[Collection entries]

[Start of section]

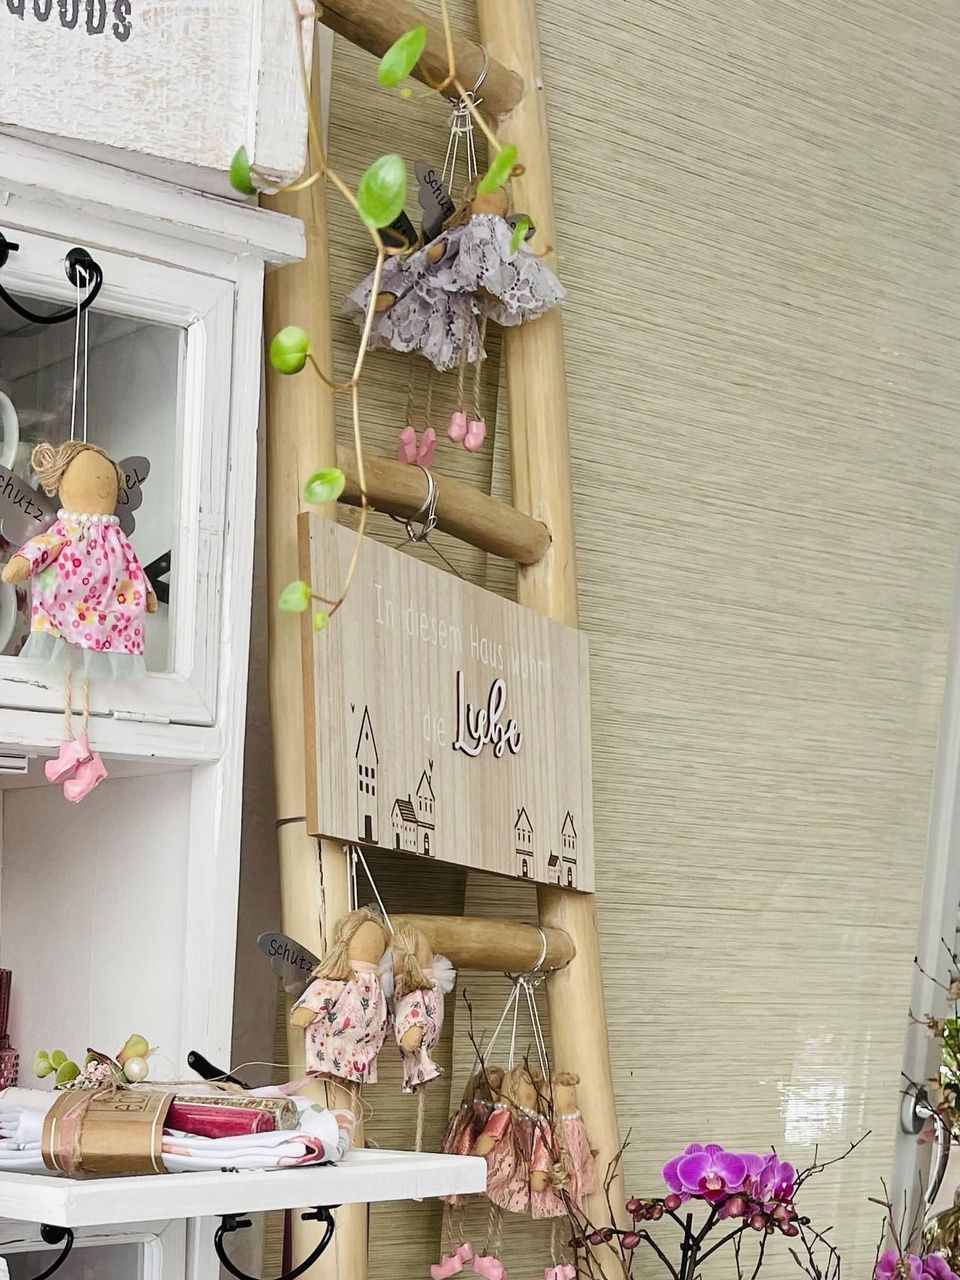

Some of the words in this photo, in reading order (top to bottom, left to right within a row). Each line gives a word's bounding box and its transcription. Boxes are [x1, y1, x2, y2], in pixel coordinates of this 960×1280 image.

[424, 169, 452, 218] Schut
[374, 583, 394, 628] In
[406, 600, 463, 654] diesem
[470, 623, 504, 670] Haus
[452, 670, 523, 759] Liebe
[268, 938, 313, 973] Schutz

[End of section]

_Directions_: What is needed is every line of the data above, set down exactly but with the images left out.

_Solved problem_:
Some of the words in this photo, in reading order (top to bottom, left to right within a row). Each line gives a word's bounding box and its transcription. Boxes are [x1, y1, x2, y2], in pixel coordinates of this 960×1280 image.

[424, 169, 452, 218] Schut
[374, 583, 394, 628] In
[406, 600, 463, 654] diesem
[470, 623, 504, 670] Haus
[452, 670, 523, 759] Liebe
[268, 938, 313, 973] Schutz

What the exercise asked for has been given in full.